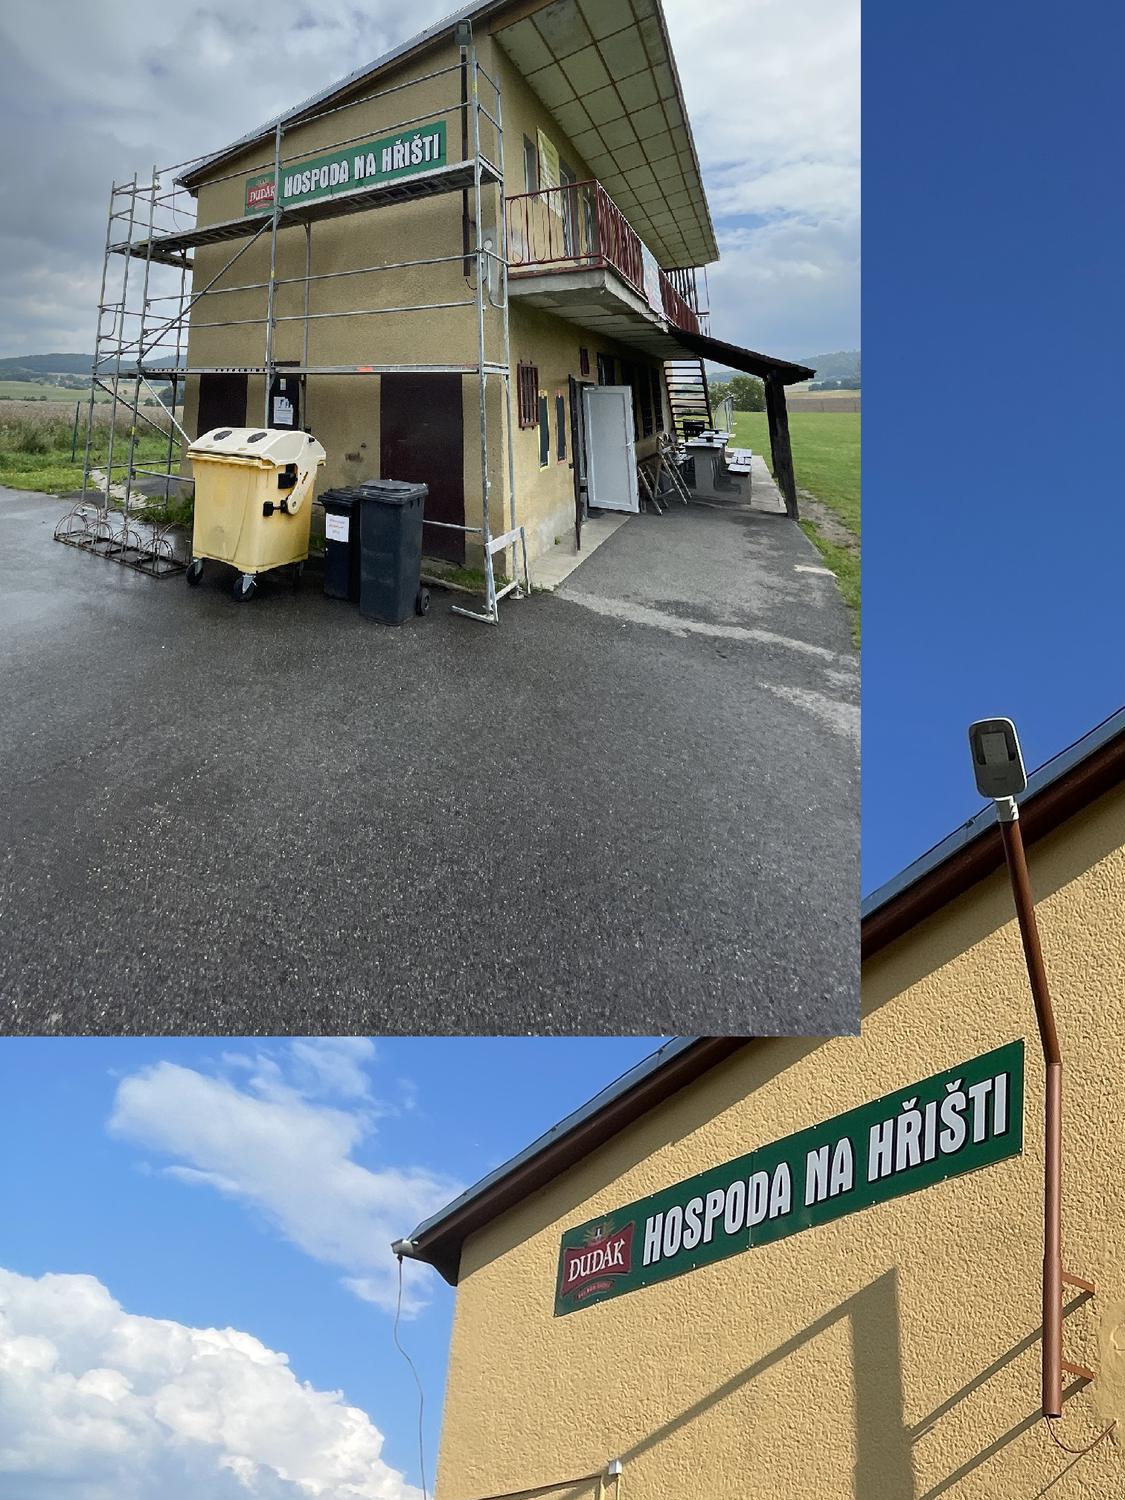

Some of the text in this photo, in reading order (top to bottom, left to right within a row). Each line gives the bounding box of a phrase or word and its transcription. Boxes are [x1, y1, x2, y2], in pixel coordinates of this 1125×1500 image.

[284, 133, 441, 197] HOSPODA NA HŘIŠTI
[642, 1073, 1009, 1266] HOSPODA NA HŘIŠTI
[568, 1238, 626, 1282] DUDÁK
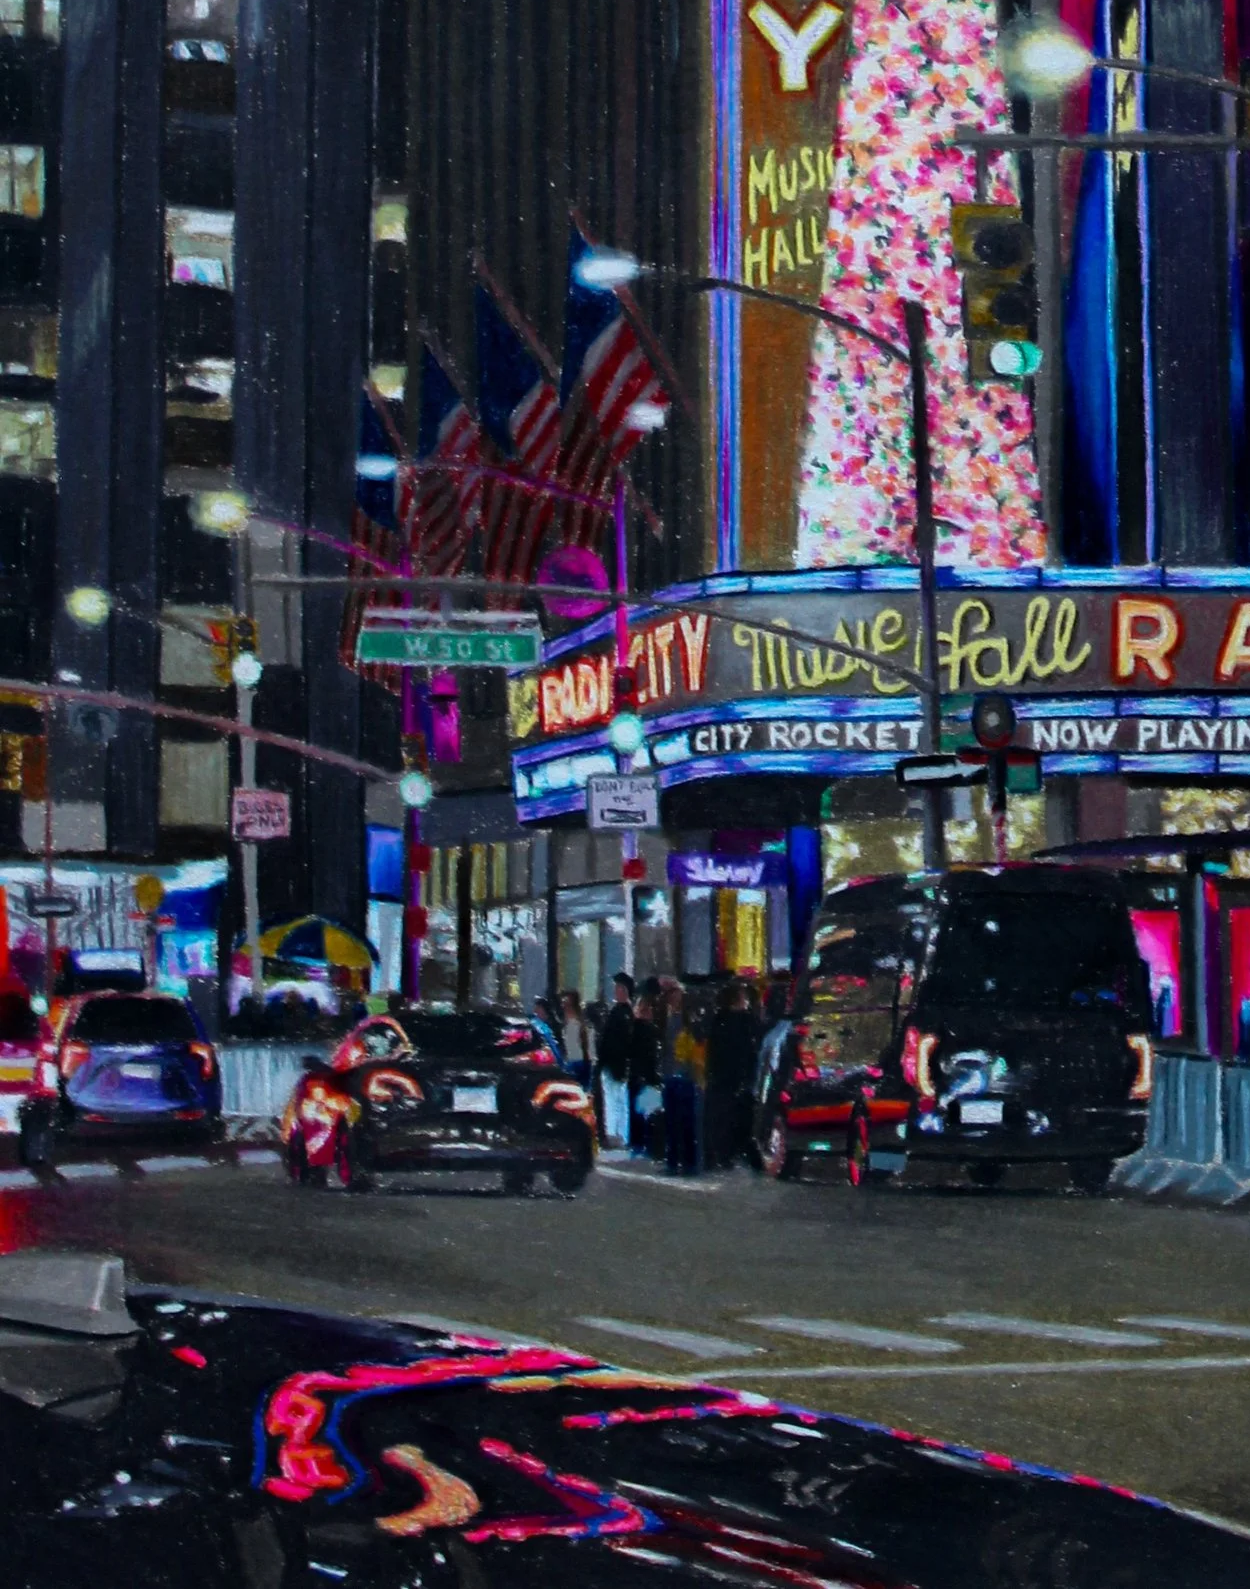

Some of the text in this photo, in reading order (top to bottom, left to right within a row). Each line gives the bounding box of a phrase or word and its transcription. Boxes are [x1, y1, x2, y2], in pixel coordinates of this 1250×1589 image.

[438, 638, 472, 660] 50
[485, 639, 514, 661] St
[540, 656, 618, 732] RADI
[733, 609, 910, 694] Music
[694, 722, 752, 752] CITY
[768, 721, 924, 751] ROCKET
[1032, 718, 1118, 751] NOW
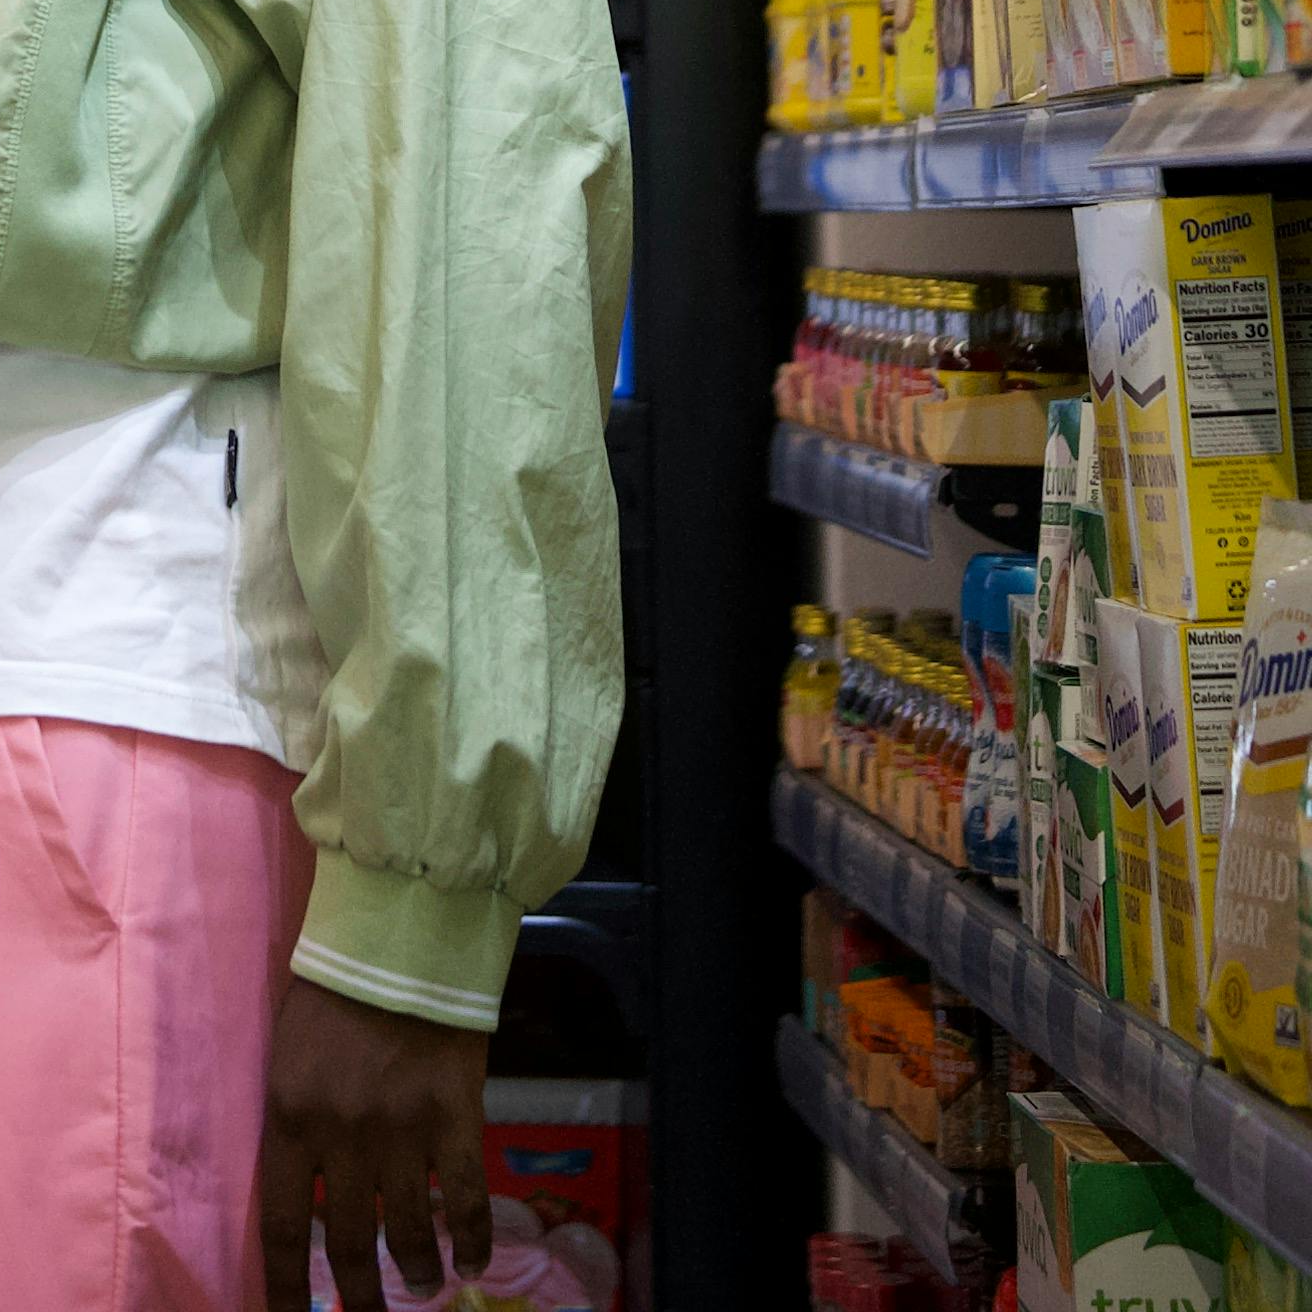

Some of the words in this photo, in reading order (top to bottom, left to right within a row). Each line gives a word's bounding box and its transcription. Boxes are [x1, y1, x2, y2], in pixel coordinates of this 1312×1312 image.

[1180, 211, 1253, 244] Domino
[1179, 281, 1231, 296] Nutrition
[1232, 279, 1266, 293] Facts
[1183, 326, 1239, 342] Calories
[1244, 321, 1269, 339] 30
[1188, 631, 1242, 646] Nutrition
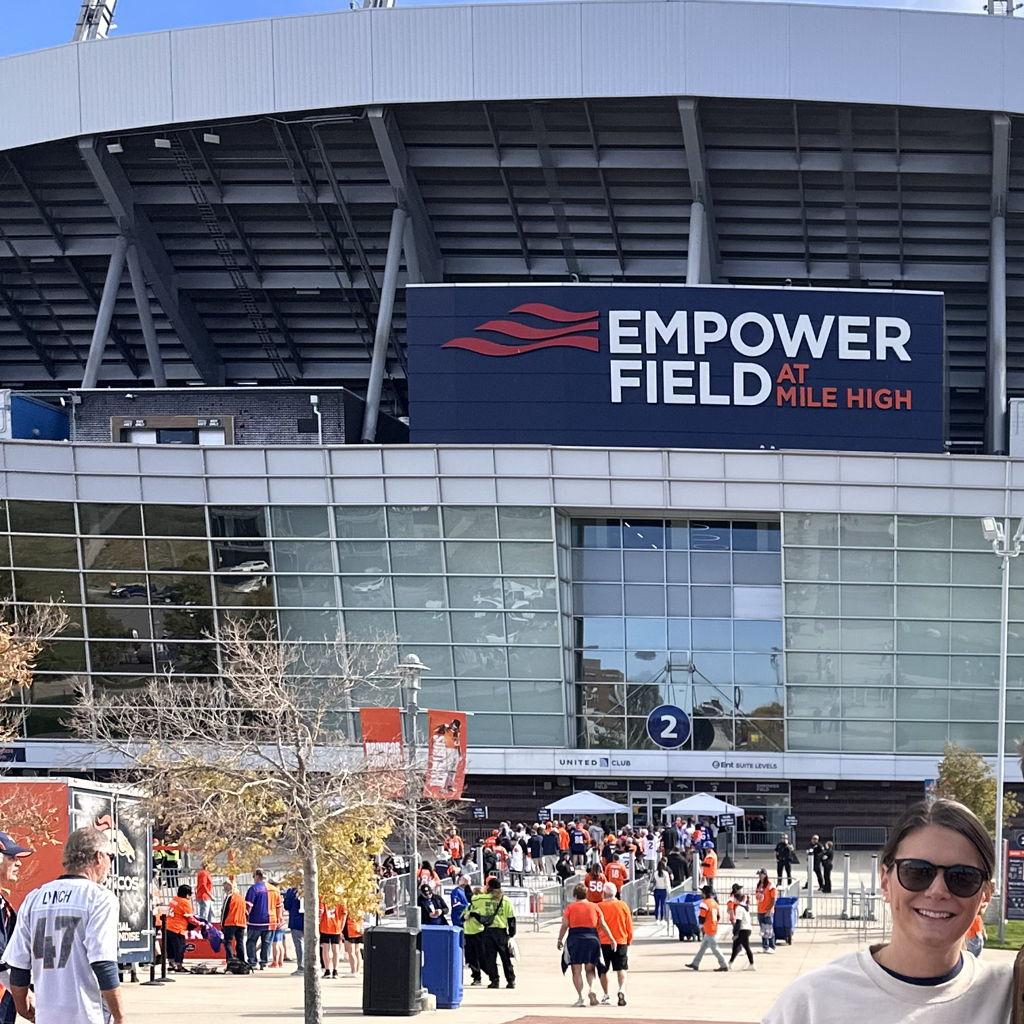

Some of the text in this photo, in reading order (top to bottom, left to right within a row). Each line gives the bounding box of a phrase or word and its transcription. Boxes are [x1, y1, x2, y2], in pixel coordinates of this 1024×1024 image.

[609, 310, 912, 361] EMPOWER
[610, 360, 772, 406] FIELD
[776, 363, 810, 384] AT
[776, 386, 912, 410] MILE HIGH
[660, 715, 678, 739] 2
[42, 889, 73, 905] LYNCH
[589, 881, 603, 892] 58
[32, 915, 83, 970] 47
_ _ _ _ _
Images are to be left out; everything else in the material must be written out exactly.

Some of the text in this photo, in reading order (top to bottom, left to right within a row). Each line gives the bounding box of a phrase or word and its transcription. Boxes are [x1, y1, x2, y2], in pixel coordinates of this 1125×1500 image.

[284, 133, 441, 197] HOSPODA NA HŘIŠTI
[642, 1073, 1009, 1266] HOSPODA NA HŘIŠTI
[568, 1238, 626, 1282] DUDÁK

Some of the text in this photo, in reading order (top to bottom, left to right within a row). Each line gives the bounding box of a phrase or word and its transcription. Boxes are [x1, y1, x2, y2], in pixel coordinates of this 1250×1589 image.

[438, 638, 472, 660] 50
[485, 639, 514, 661] St
[540, 656, 618, 732] RADI
[733, 609, 910, 694] Music
[694, 722, 752, 752] CITY
[768, 721, 924, 751] ROCKET
[1032, 718, 1118, 751] NOW

Some of the words in this photo, in reading order (top to bottom, left to right within a row). Each line gives a word's bounding box and its transcription. Boxes are [x1, y1, x2, y2], in pixel coordinates of this 1312×1312 image.

[1180, 211, 1253, 244] Domino
[1179, 281, 1231, 296] Nutrition
[1232, 279, 1266, 293] Facts
[1183, 326, 1239, 342] Calories
[1244, 321, 1269, 339] 30
[1188, 631, 1242, 646] Nutrition

Some of the text in this photo, in reading order (top to bottom, left to right within a row). Each line gives the bounding box of a phrase or word and its transcription. Boxes are [x1, y1, x2, y2], in pixel coordinates of this 1024×1024 image.

[609, 310, 912, 361] EMPOWER
[610, 360, 772, 406] FIELD
[776, 363, 810, 384] AT
[776, 386, 912, 410] MILE HIGH
[660, 715, 678, 739] 2
[42, 889, 73, 905] LYNCH
[589, 881, 603, 892] 58
[32, 915, 83, 970] 47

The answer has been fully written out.